言う間にも、皆守は距離を詰めていた。手を伸ばさずに届くほどの距離まで接近し、少し低い位置にある葉佩の顔を見下ろす。先程から、皆守の胸には銃口が触れている。しかし皆守は、それが発射されない事を知っていた。恐れるのは銃弾などではない。この身を震わせるのは、そんなものではない。皆守はもう気付いていた。葉佩も、きっと知っているのだろう。その証拠に、葉佩は笑みを浮かべている。皆守の死を目前に、この男が笑える訳がない。
 息が触れるほどの距離で、皆守が嘲るような笑みを浮かべた。

「おいおい、ついに降伏か?」
「え?あれ?これって据え膳?」
「どっちが?」
「・・・腹減らない?」
「減らない」
「あ、俺、宿題やんなきゃ」
「手伝ってやるよ」
「それは俺の為にならないよ」
「お前の為なんてどうでもいい」
「えっと、あの、俺、塾がある、から」
「サボれ」
「・・・」

胸に押し当てられていた銃が、音もなく引かれる。壁と皆守に挟まれた葉佩が、笑ったまま銃口を下ろした。微笑を浮かべて見下ろす皆守から視線は外さず、銃口だけが逸らされる。至近距離で見詰め合いながら、葉佩はそれ以上の接近を拒絶した。これでも、以前と比べれば格段に距離は縮まった方だ。

「さて、そろそろ脱出しようか」
「切り替えやがったな甲斐性なしが」
「あのさぁ、お前はどうしたいの?」
「お前が生きてるなら、それでいい」
「・・・俺が死んだら?」
「さあな、その時になってみないと分からない」
「早く出よう!一刻も早く出よう!」

皆守の顎にグリップをぶつけながら、葉佩が逃げるように身を離した。皆守としても心中は勘弁して欲しいところだったので、それ以上は追わずに顎をすりつつアロマを銜えなおす。
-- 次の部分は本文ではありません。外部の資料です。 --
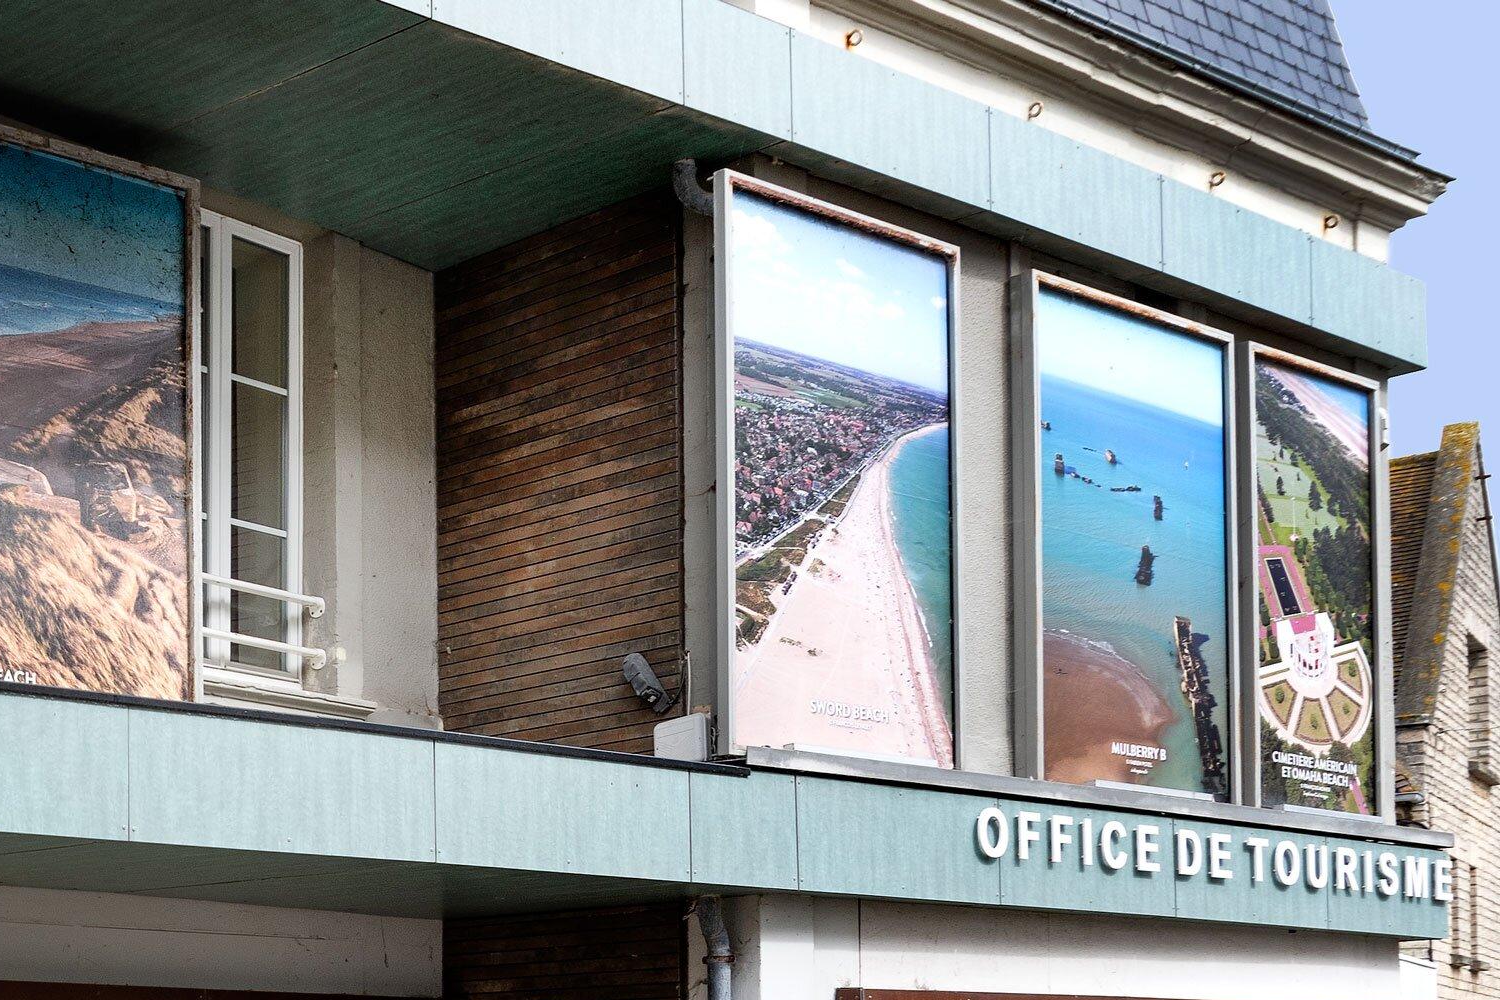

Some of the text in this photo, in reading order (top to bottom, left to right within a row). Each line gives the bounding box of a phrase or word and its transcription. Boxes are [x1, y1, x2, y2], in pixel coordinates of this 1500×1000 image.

 生きている限り欲望は尽きない。満たされぬ欲望を慰めあう相手が同じ想いでいるのなら、それは恋愛と呼ぶに相応しかったのだろう。だが皆守の持つ最も御し難く凶暴な欲望は、実にいびつな形をしていた。その自覚があるからこそ、皆守はそれを口に出す事を自身で禁じている。同じように歪んだ欲求を持つ葉佩の前では、特に。












 久し振りに仰いだ空は、まだ夜明け前だった。星明りに照らされて、葉佩が産まれなおしたように幸福そうな顔をする。それを見ながら、皆守はこの奇妙な《宝探し屋》という生き物の行方を案じた。

「湿度たけーな」
「雨季が近いんだろ」
「空気が湿ってると痛むんだよね」
「寒いと痛いんじゃないのか?」
「寒くても湿ってても風が吹いても痛い」

そんな事を訴えられても、皆守には何もできない。愚行の代償だと断ずる事もできない。この奇形児は、どうしてこんなにも長らえてしまったのだろう。
 歩き出した葉佩に、無言のまま手を伸ばした。右の上腕を掴み、力任せに引き寄せる。背中に腕を回して肩甲骨に手の平を当てると、葉佩がくすぐったそうに笑った。剥離骨折をして以来、その部位は彼の弱点の一つだ。寒くても湿っていても風が吹いても痛むというその場所に、皆守はいっそ砕くような気持ちで触れた。

「あ、それイイ」
「あ?」
「手ぇあったかくって気持ちいい」
「そうかよ」

 四肢を砕いて得たものが、こんな小さなぬくもり一つだなんて酷すぎる。しかも、この体勢のままでは歩き出せない。
 この生き物を保護する手段が自分には、或いは世界のどこにも存在しないのだと、皆守は腕の中で大人しくしている葉佩のぬくもりと息遣いを感じながら泣きたくなった。